EXERCISE: Without the images, output every record exactly as it appears.

══ RECORDS FOR THE TASK ══

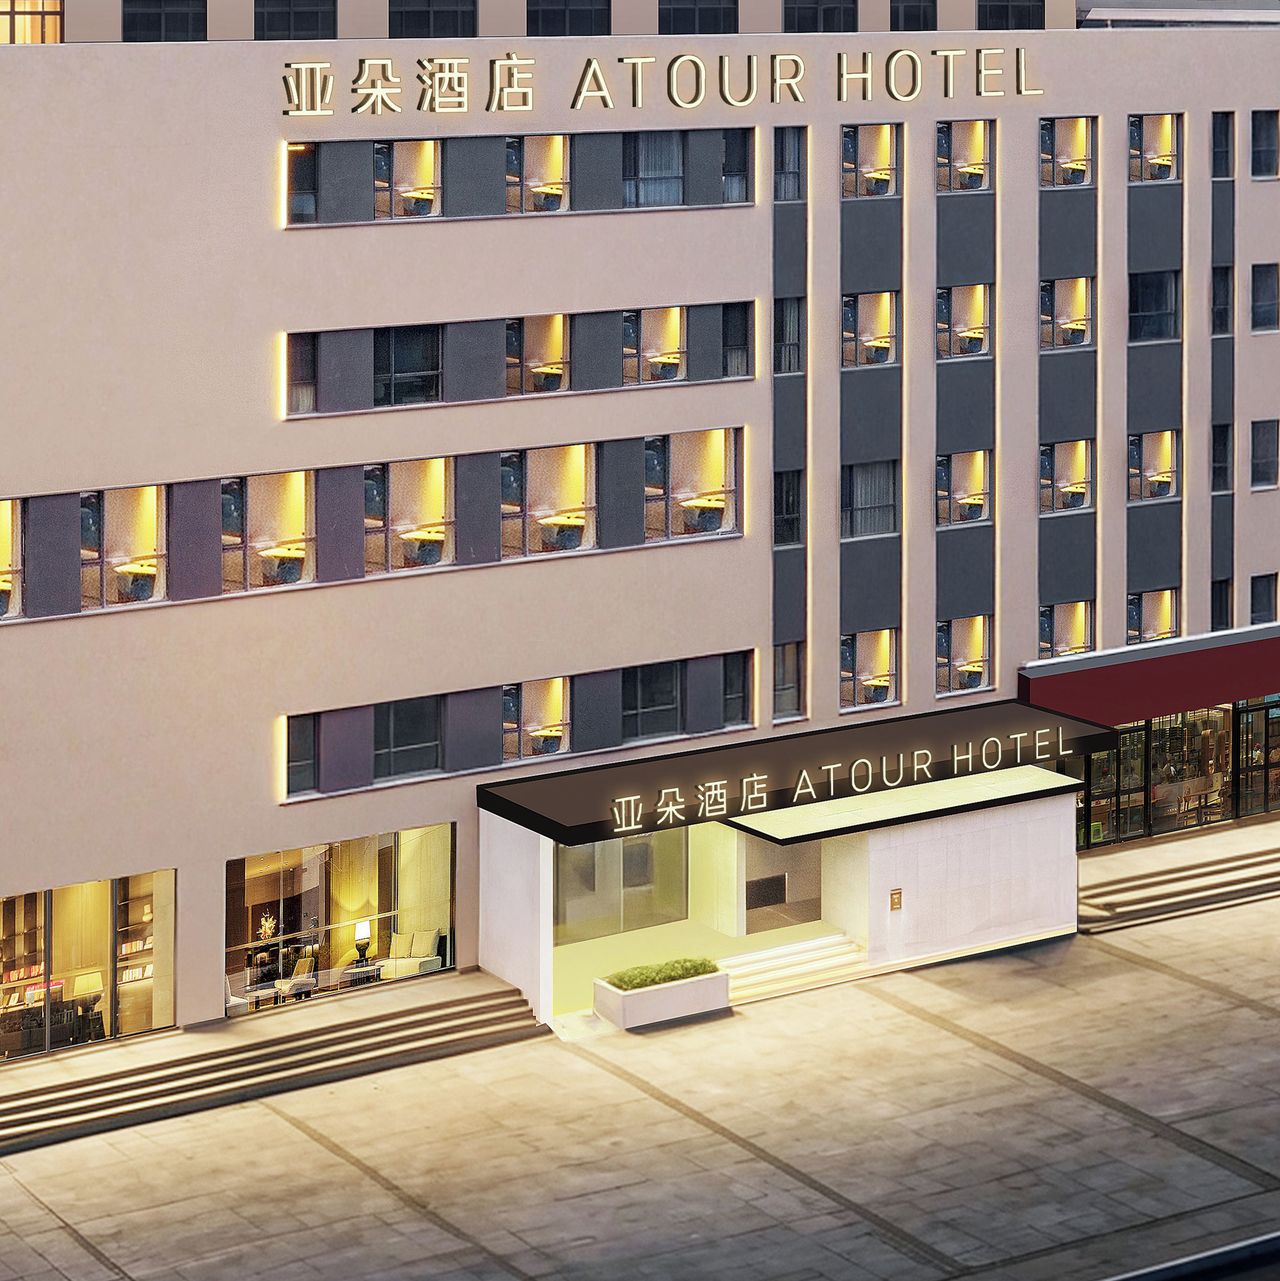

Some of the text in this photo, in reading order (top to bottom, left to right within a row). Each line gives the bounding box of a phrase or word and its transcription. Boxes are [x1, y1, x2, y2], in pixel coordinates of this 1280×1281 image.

[282, 48, 1044, 116] 亚朵酒店 ATOUR HOTEL
[612, 726, 1073, 832] 亚朵酒店 ATOUR HOTEL
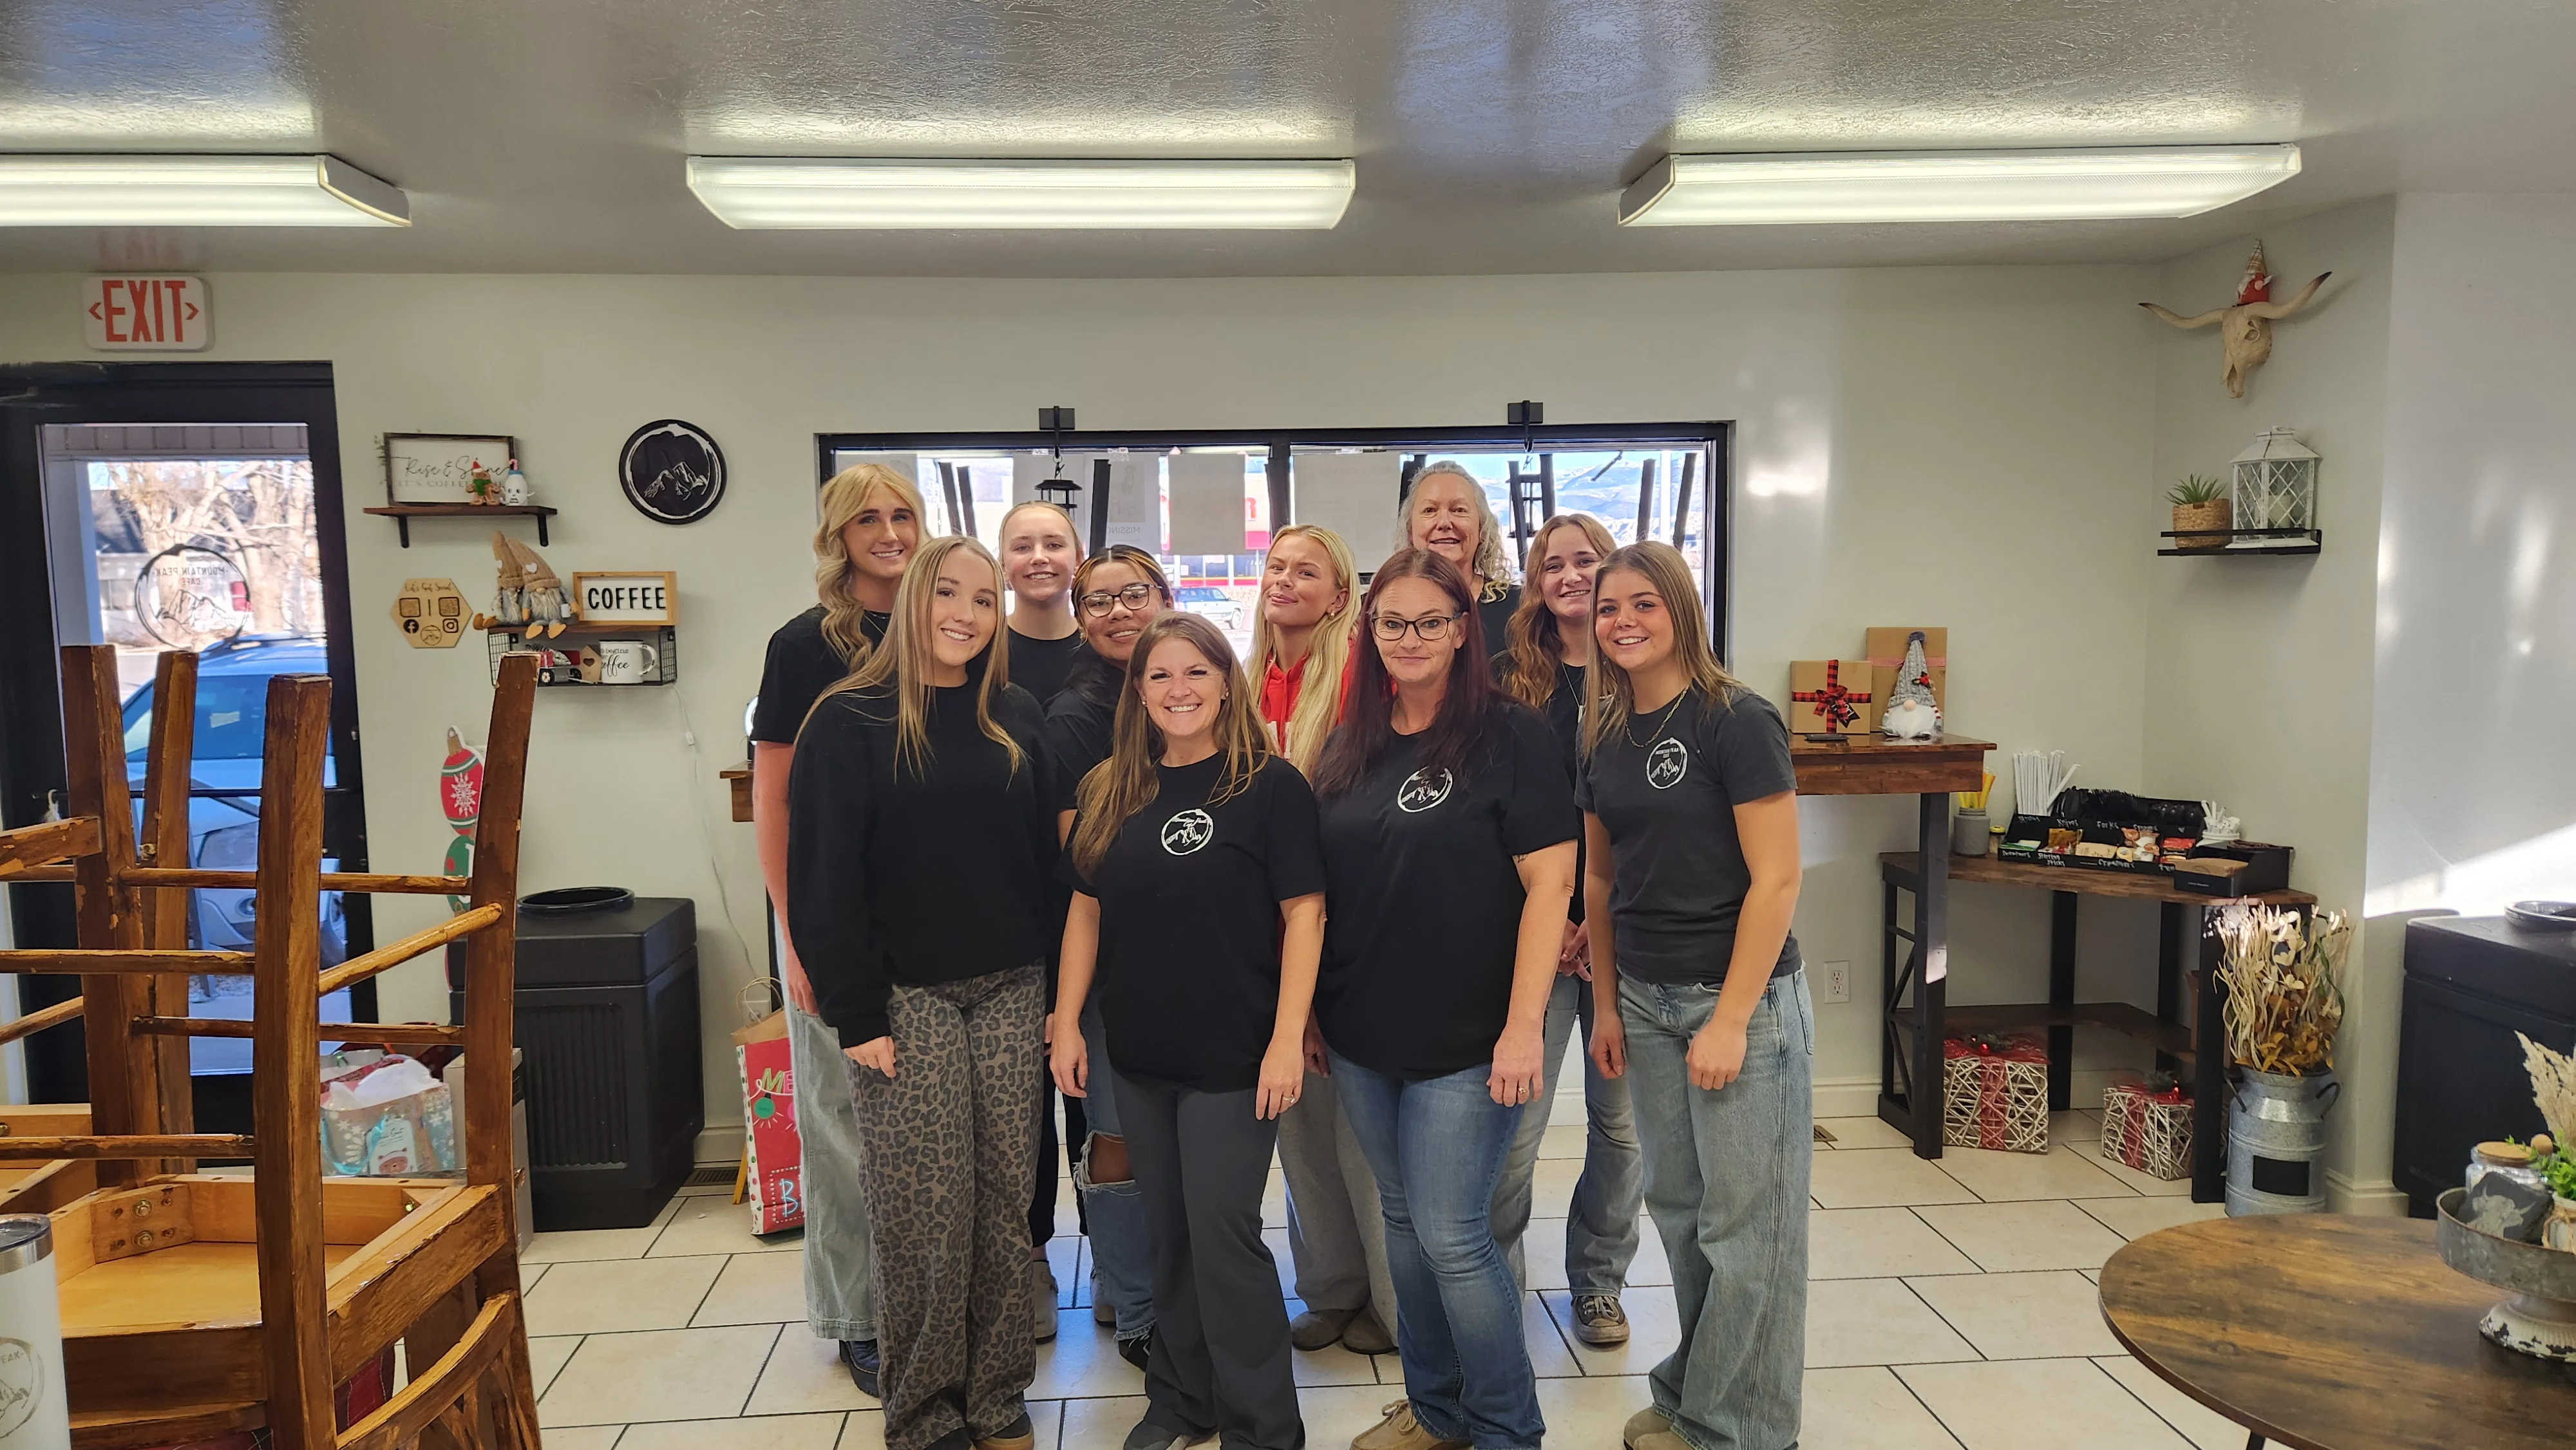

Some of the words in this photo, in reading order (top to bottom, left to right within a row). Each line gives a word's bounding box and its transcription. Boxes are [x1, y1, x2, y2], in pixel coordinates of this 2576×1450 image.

[102, 280, 187, 343] EXIT
[587, 587, 667, 609] COFFEE
[761, 1068, 793, 1094] ME

═══

RESULT:
Some of the text in this photo, in reading order (top to bottom, left to right within a row). Each line gives the bounding box of a phrase or word and its transcription. Boxes are [x1, y1, x2, y2], in pixel coordinates of this 1280×1281 image.

[282, 48, 1044, 116] 亚朵酒店 ATOUR HOTEL
[612, 726, 1073, 832] 亚朵酒店 ATOUR HOTEL

Some of the words in this photo, in reading order (top to bottom, left to right within a row). Each line gives a word's bounding box and its transcription. Boxes are [x1, y1, x2, y2], in pixel coordinates of this 2576×1450 image.

[102, 280, 187, 343] EXIT
[587, 587, 667, 609] COFFEE
[761, 1068, 793, 1094] ME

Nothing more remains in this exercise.